*What is expected:*
Each entry must be duplicated precisely, with nothing left out.

Collected data entries

======

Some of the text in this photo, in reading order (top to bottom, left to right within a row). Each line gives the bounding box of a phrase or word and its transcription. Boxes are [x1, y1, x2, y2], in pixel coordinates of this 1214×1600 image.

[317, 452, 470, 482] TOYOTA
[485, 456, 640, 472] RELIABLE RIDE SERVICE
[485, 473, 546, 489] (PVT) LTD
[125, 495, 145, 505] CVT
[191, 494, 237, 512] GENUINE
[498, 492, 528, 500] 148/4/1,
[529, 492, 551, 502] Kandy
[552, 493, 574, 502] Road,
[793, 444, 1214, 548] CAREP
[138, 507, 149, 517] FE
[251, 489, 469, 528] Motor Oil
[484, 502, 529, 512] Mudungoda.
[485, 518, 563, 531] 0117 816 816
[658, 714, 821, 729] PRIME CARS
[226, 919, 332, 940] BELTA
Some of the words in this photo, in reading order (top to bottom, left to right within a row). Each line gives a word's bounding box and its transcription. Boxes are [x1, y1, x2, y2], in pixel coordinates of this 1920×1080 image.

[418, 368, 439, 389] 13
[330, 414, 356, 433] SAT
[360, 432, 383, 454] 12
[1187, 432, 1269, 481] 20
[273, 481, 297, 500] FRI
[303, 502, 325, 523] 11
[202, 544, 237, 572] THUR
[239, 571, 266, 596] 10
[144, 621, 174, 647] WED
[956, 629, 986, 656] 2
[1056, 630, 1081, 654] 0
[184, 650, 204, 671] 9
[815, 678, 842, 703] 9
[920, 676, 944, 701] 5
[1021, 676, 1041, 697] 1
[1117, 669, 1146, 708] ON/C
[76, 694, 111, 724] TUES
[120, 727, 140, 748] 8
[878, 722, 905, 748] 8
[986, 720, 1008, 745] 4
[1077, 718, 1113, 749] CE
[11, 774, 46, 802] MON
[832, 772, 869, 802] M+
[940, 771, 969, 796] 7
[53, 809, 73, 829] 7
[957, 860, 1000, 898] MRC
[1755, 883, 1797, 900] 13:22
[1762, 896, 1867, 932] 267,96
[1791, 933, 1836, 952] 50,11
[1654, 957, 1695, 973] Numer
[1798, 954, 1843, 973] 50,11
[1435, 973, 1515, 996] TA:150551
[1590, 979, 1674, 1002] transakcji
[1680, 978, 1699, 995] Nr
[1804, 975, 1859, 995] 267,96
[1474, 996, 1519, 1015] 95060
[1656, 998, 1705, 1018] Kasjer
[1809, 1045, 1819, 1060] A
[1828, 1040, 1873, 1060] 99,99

======

*Result of this task:*
Some of the text in this photo, in reading order (top to bottom, left to right within a row). Each line gives the bounding box of a phrase or word and its transcription. Boxes are [x1, y1, x2, y2], in pixel coordinates of this 1214×1600 image.

[317, 452, 470, 482] TOYOTA
[485, 456, 640, 472] RELIABLE RIDE SERVICE
[485, 473, 546, 489] (PVT) LTD
[125, 495, 145, 505] CVT
[191, 494, 237, 512] GENUINE
[498, 492, 528, 500] 148/4/1,
[529, 492, 551, 502] Kandy
[552, 493, 574, 502] Road,
[793, 444, 1214, 548] CAREP
[138, 507, 149, 517] FE
[251, 489, 469, 528] Motor Oil
[484, 502, 529, 512] Mudungoda.
[485, 518, 563, 531] 0117 816 816
[658, 714, 821, 729] PRIME CARS
[226, 919, 332, 940] BELTA
Some of the words in this photo, in reading order (top to bottom, left to right within a row). Each line gives a word's bounding box and its transcription. Boxes are [x1, y1, x2, y2], in pixel coordinates of this 1920×1080 image.

[418, 368, 439, 389] 13
[330, 414, 356, 433] SAT
[360, 432, 383, 454] 12
[1187, 432, 1269, 481] 20
[273, 481, 297, 500] FRI
[303, 502, 325, 523] 11
[202, 544, 237, 572] THUR
[239, 571, 266, 596] 10
[144, 621, 174, 647] WED
[956, 629, 986, 656] 2
[1056, 630, 1081, 654] 0
[184, 650, 204, 671] 9
[815, 678, 842, 703] 9
[920, 676, 944, 701] 5
[1021, 676, 1041, 697] 1
[1117, 669, 1146, 708] ON/C
[76, 694, 111, 724] TUES
[120, 727, 140, 748] 8
[878, 722, 905, 748] 8
[986, 720, 1008, 745] 4
[1077, 718, 1113, 749] CE
[11, 774, 46, 802] MON
[832, 772, 869, 802] M+
[940, 771, 969, 796] 7
[53, 809, 73, 829] 7
[957, 860, 1000, 898] MRC
[1755, 883, 1797, 900] 13:22
[1762, 896, 1867, 932] 267,96
[1791, 933, 1836, 952] 50,11
[1654, 957, 1695, 973] Numer
[1798, 954, 1843, 973] 50,11
[1435, 973, 1515, 996] TA:150551
[1590, 979, 1674, 1002] transakcji
[1680, 978, 1699, 995] Nr
[1804, 975, 1859, 995] 267,96
[1474, 996, 1519, 1015] 95060
[1656, 998, 1705, 1018] Kasjer
[1809, 1045, 1819, 1060] A
[1828, 1040, 1873, 1060] 99,99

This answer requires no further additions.